Stored data:
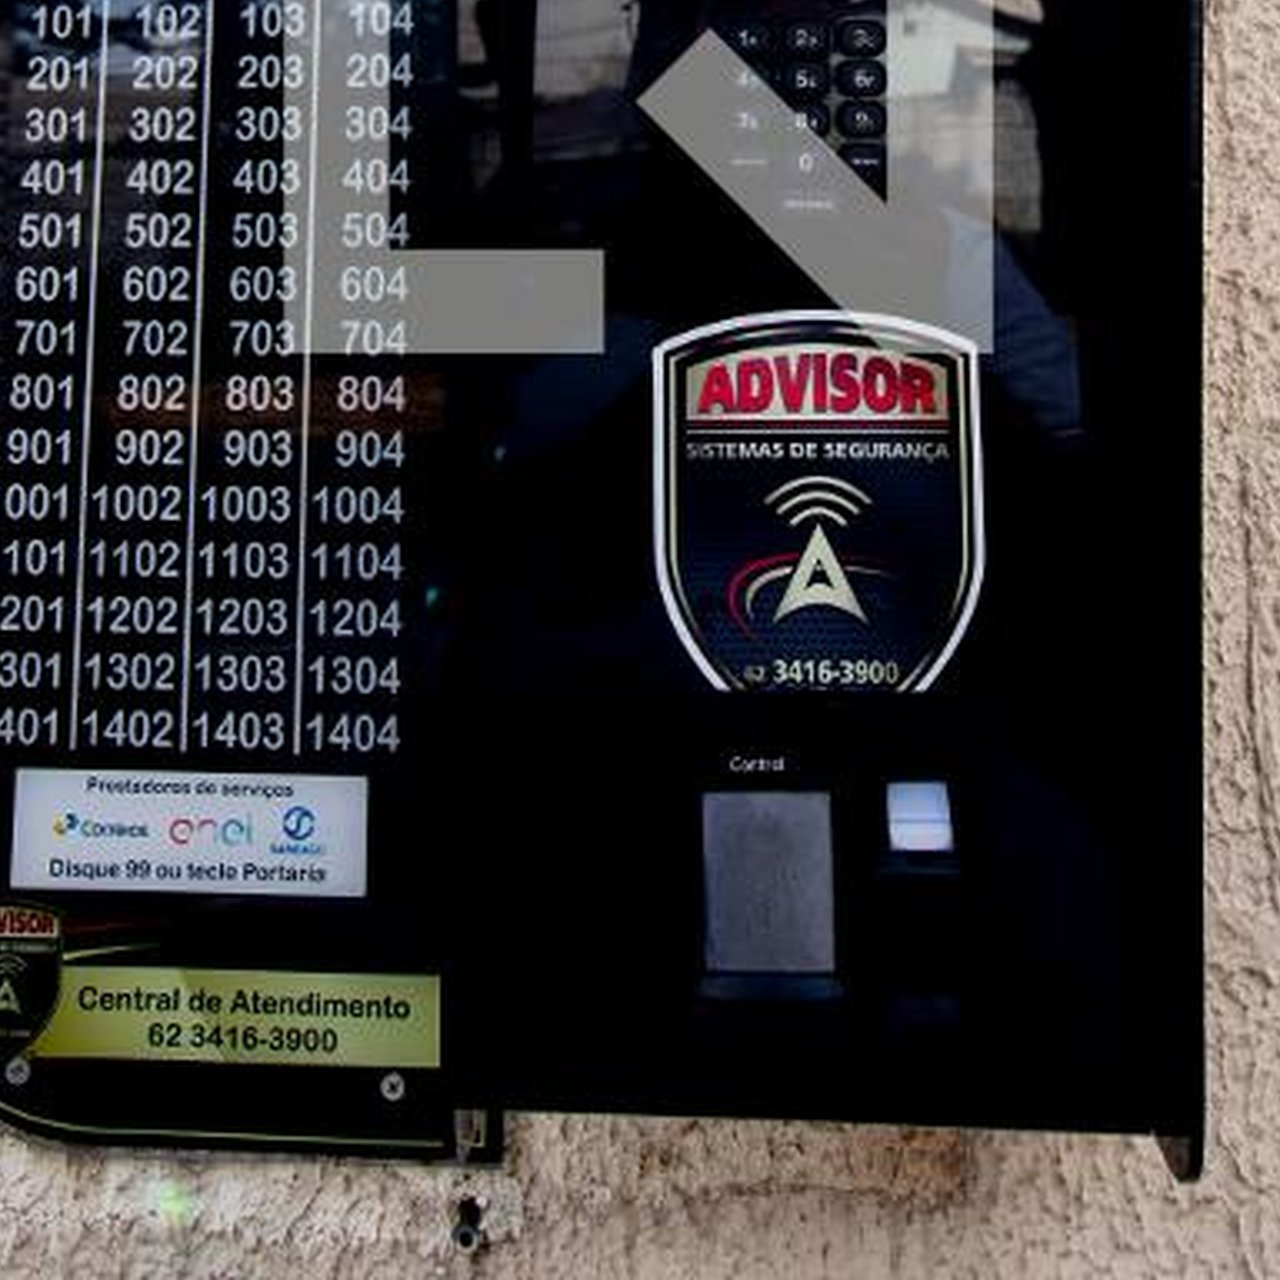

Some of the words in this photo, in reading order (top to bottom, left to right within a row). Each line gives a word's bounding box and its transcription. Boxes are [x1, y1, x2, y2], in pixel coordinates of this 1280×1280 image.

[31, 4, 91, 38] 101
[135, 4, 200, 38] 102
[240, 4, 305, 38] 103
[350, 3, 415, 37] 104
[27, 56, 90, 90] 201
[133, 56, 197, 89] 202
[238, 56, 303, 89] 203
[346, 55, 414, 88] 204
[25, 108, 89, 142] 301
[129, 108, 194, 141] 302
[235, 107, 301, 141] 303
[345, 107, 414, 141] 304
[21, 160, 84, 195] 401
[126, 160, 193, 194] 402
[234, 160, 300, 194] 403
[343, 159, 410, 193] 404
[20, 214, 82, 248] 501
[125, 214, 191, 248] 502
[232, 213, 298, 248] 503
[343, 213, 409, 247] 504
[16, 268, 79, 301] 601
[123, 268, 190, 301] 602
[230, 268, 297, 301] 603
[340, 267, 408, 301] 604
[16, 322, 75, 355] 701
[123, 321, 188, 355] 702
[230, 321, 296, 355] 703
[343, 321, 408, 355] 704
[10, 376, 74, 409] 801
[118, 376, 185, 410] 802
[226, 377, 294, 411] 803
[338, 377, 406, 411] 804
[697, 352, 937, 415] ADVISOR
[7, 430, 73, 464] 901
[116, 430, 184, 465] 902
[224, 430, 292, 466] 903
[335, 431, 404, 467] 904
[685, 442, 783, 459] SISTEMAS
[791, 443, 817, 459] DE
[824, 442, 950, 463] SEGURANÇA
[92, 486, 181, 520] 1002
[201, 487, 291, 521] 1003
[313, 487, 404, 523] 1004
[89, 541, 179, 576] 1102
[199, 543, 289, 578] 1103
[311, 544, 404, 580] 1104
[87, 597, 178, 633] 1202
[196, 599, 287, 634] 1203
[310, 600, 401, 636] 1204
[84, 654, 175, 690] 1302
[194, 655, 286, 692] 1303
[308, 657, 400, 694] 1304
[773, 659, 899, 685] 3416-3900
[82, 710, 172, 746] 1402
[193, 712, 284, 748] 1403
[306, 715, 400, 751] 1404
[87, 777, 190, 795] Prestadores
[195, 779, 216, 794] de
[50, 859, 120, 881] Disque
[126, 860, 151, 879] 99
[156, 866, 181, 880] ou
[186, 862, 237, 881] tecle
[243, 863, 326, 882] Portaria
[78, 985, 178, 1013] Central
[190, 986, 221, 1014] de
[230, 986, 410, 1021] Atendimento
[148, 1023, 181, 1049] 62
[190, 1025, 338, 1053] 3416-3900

(WHAT IS EXPECTED): Write all the lines above out again exactly, minus the images.

(OUTPUT):
Some of the words in this photo, in reading order (top to bottom, left to right within a row). Each line gives a word's bounding box and its transcription. Boxes are [x1, y1, x2, y2], in pixel coordinates of this 1280×1280 image.

[31, 4, 91, 38] 101
[135, 4, 200, 38] 102
[240, 4, 305, 38] 103
[350, 3, 415, 37] 104
[27, 56, 90, 90] 201
[133, 56, 197, 89] 202
[238, 56, 303, 89] 203
[346, 55, 414, 88] 204
[25, 108, 89, 142] 301
[129, 108, 194, 141] 302
[235, 107, 301, 141] 303
[345, 107, 414, 141] 304
[21, 160, 84, 195] 401
[126, 160, 193, 194] 402
[234, 160, 300, 194] 403
[343, 159, 410, 193] 404
[20, 214, 82, 248] 501
[125, 214, 191, 248] 502
[232, 213, 298, 248] 503
[343, 213, 409, 247] 504
[16, 268, 79, 301] 601
[123, 268, 190, 301] 602
[230, 268, 297, 301] 603
[340, 267, 408, 301] 604
[16, 322, 75, 355] 701
[123, 321, 188, 355] 702
[230, 321, 296, 355] 703
[343, 321, 408, 355] 704
[10, 376, 74, 409] 801
[118, 376, 185, 410] 802
[226, 377, 294, 411] 803
[338, 377, 406, 411] 804
[697, 352, 937, 415] ADVISOR
[7, 430, 73, 464] 901
[116, 430, 184, 465] 902
[224, 430, 292, 466] 903
[335, 431, 404, 467] 904
[685, 442, 783, 459] SISTEMAS
[791, 443, 817, 459] DE
[824, 442, 950, 463] SEGURANÇA
[92, 486, 181, 520] 1002
[201, 487, 291, 521] 1003
[313, 487, 404, 523] 1004
[89, 541, 179, 576] 1102
[199, 543, 289, 578] 1103
[311, 544, 404, 580] 1104
[87, 597, 178, 633] 1202
[196, 599, 287, 634] 1203
[310, 600, 401, 636] 1204
[84, 654, 175, 690] 1302
[194, 655, 286, 692] 1303
[308, 657, 400, 694] 1304
[773, 659, 899, 685] 3416-3900
[82, 710, 172, 746] 1402
[193, 712, 284, 748] 1403
[306, 715, 400, 751] 1404
[87, 777, 190, 795] Prestadores
[195, 779, 216, 794] de
[50, 859, 120, 881] Disque
[126, 860, 151, 879] 99
[156, 866, 181, 880] ou
[186, 862, 237, 881] tecle
[243, 863, 326, 882] Portaria
[78, 985, 178, 1013] Central
[190, 986, 221, 1014] de
[230, 986, 410, 1021] Atendimento
[148, 1023, 181, 1049] 62
[190, 1025, 338, 1053] 3416-3900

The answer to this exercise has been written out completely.